Why the limited overs matches can’t be an interesting precursor to the test series, when teams are sizing each other up and trying to seize a psychological advantage, is beyond me. The Texaco Trophy (remember those heady days?) used to be entertaining and fascinating. Why did they change a winning formula?
I wonder how Alastair Cook feels. He’s totally out of form, absolutely knackered, and half the test team has already gone home. Yet Cook, the man who’s had most on his plate in the last few months, has to suck it up and soldier on. The poor sod.

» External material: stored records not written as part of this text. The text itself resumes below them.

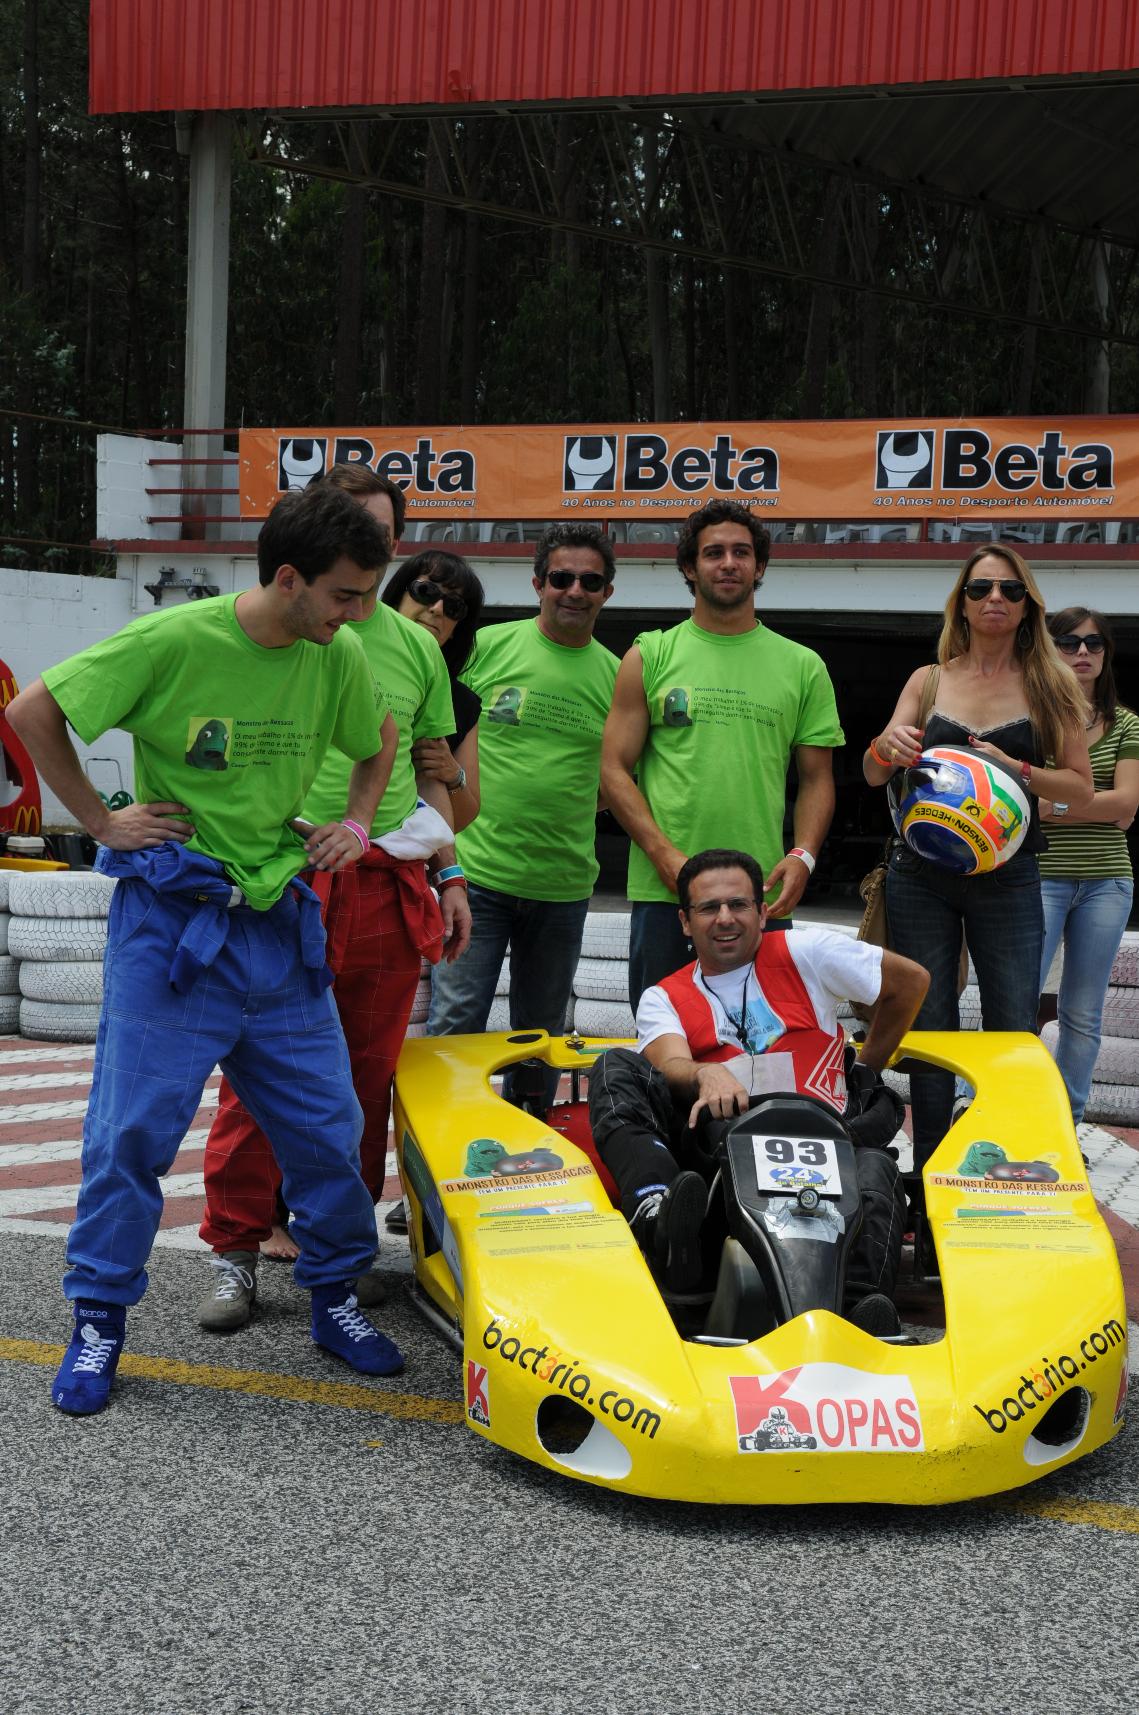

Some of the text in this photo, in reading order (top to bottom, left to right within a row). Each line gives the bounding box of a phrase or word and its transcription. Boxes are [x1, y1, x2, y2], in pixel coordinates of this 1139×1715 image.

[622, 433, 780, 492] Beta
[941, 428, 1115, 492] Beta
[561, 498, 579, 507] 40
[582, 498, 616, 507] Anos
[620, 498, 636, 507] no
[639, 497, 702, 508] Desporto
[873, 495, 1114, 508] 40 Anos no Desporto Automóvel
[915, 808, 952, 821] HEDGES
[956, 820, 988, 853] BENSON
[764, 1139, 828, 1166] 93
[446, 1166, 592, 1193] O MONSTRO DAS RESSACAS
[935, 1177, 1085, 1192] O MONSTRO DAS RESSACAS

Is it any wonder he’s thinking about resigning the ODI captaincy? I can hardly blame him. His bosses, the ECB, don’t give two hoots about his physical and psychological wellbeing, so why shouldn’t he throw in the towel? All they seem to care about is scheduling as many matches as possible to boost their coffers.
Eveyone’s favourite Yorkshireman, Geoff Boycott, suggested recently that England’s ODI XI should be totally different to the test team; in other words, you play one format or the other. At the time I scoffed, as every player surely wants to be part of a cricket World Cup, but the more I think about it the more it seems inevitable – unless, of course, the powers that be revisit the schedules (which seems unlikely).

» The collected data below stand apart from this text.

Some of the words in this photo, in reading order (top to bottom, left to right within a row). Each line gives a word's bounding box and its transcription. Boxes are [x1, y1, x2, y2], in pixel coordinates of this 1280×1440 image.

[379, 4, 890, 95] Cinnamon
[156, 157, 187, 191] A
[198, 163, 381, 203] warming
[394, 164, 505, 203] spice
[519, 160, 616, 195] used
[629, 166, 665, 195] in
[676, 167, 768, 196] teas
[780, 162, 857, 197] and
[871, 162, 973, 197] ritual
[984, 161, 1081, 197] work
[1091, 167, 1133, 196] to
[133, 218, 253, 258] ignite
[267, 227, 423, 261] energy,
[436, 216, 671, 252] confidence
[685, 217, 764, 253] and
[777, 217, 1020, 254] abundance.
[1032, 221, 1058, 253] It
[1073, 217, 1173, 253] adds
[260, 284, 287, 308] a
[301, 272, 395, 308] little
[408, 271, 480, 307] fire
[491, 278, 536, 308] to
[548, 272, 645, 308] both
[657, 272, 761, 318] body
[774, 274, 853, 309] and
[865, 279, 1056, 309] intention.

The bottom line is that it’s unfair to ask our best cricketers to spend approximately two hundred and fifty nights a year in hotel beds. Is it really any surprise that the away team lost the poorly conceived back-to-back Ashes series 0-5? Is it any surprise, at all, that our cricketers look burned out by the age of thirty? Cook clearly shouldn’t be in Australia at the moment. He should be back in Blighty resting his weary limbs and thinking about his impending fatherhood.
The fact remains that England’s top cricketers play far too much cricket. Brad Haddin is five years older than most of our team, yet he was the player of the series in the Ashes. He looked fresher and hungrier. It’s pretty obvious why.

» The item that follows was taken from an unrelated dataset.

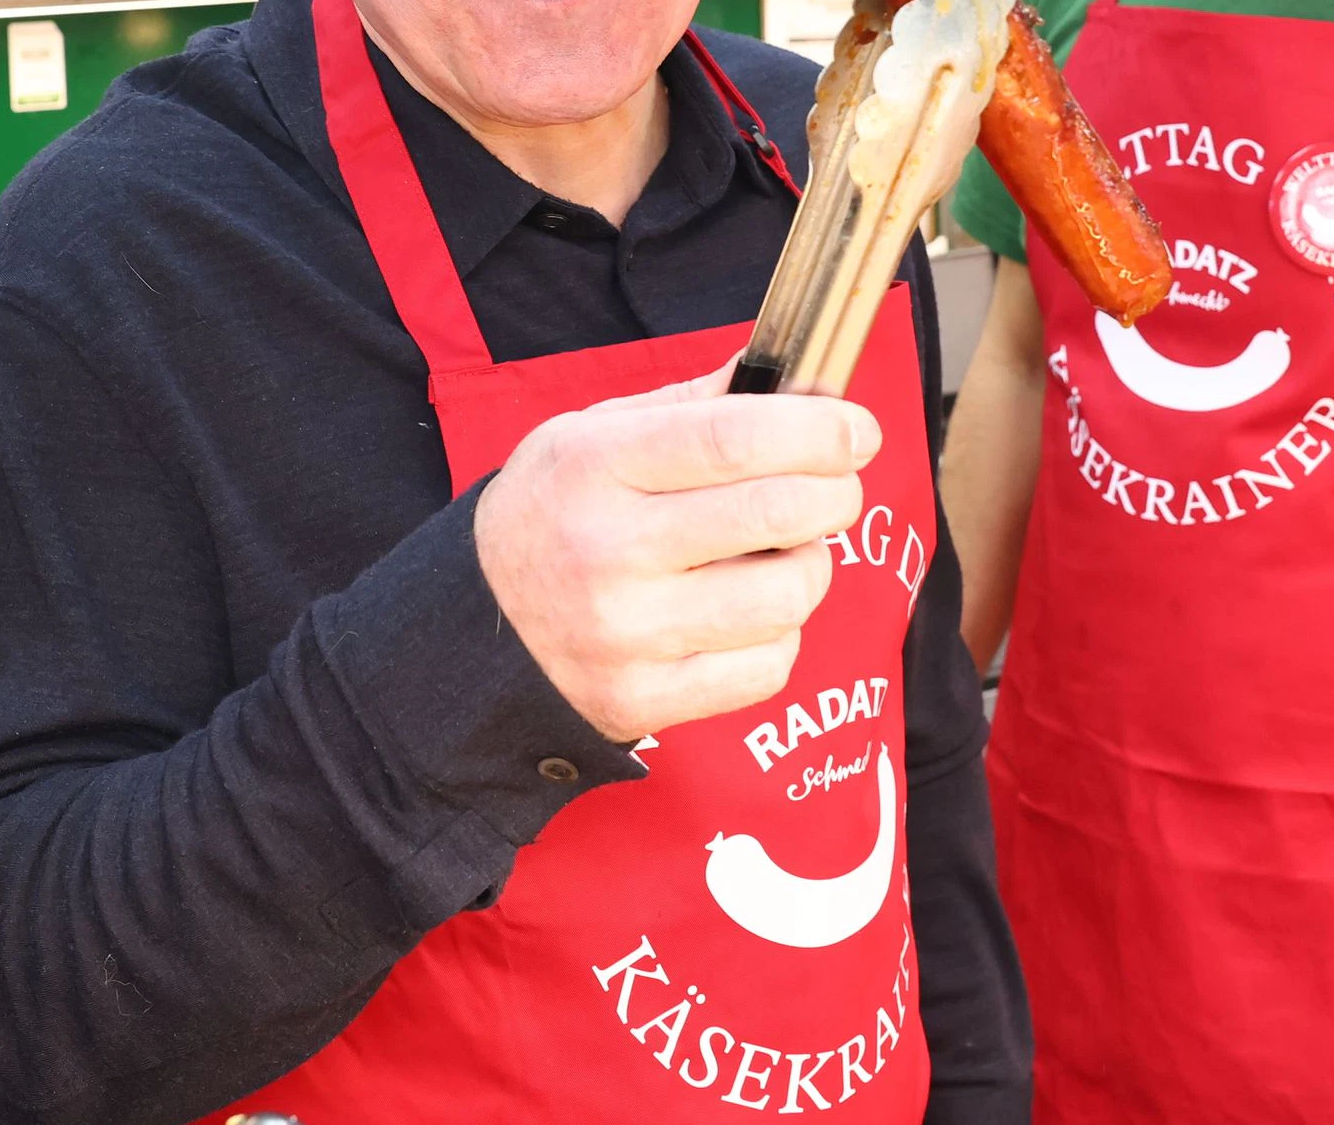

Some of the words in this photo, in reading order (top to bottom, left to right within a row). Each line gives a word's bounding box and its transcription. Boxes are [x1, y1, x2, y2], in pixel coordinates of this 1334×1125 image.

[1121, 123, 1265, 185] TTAG
[1163, 239, 1259, 295] DATZ
[743, 677, 889, 773] RADAT
[591, 923, 911, 1116] KÄSEKRAI

So how do we sort out the current mess? My gut feeling is that Cook shouldn’t rush into resigning the ODI captaincy. If he feels he’s the wrong man for the job – and has come to accept his limitations as a tactician – then yes, he should go. However, if this is his reasoning, then he should relinquish the test captaincy too.
But now is not the time for big decisions. He cannot be thinking clearly at the moment. He’s battered, bruised and fatigued. The mind cannot assess anything with clarity when it’s running on empty. It would be nice, in a way, if the ECB simply made the decision for him. However, they’ll probably shirk this decision too.
Cook is just a soldier. Or should that be servant? He does the ECB’s bidding – abandoning his pregnant wife and friends for long periods in the process – and all they do is increase his workload and place further pressures on his young mind and body. If Cook was a dead horse, the ECB wouldn’t stop flogging him.
Anyway, enough about Cook for a minute. I want to finish this piece by defending David Warner. Yes, you heard me, I want to defend the bête noire of English cricket; the man we often portray as a puss filled boil on posterior of sporting humanity.
Before Sunday night, I genuinely thought that David Warner was as bad as it gets: he was a bad loser, who punched little boys when he didn’t get his way, and an even worse winner. Who can forget him celebrating like a feral dog in Matt Prior’s face?
However, I was wrong. David Warner isn’t that bad. Compared to this bloke he’s a true gent …
This man is Richard Sherman. He’s a cornerback for the Seattle Seahawks in the NFL. The above clip is his reaction to beating the San Francisco 49ers, and in particular his nemesis Michael Crabtree, in the NFC championship game (a very close encounter that eventually saw Seattle book their place in the Superbowl). Nice fella, isn’t he.
Thank heavens we don’t have pillocks like this in cricket.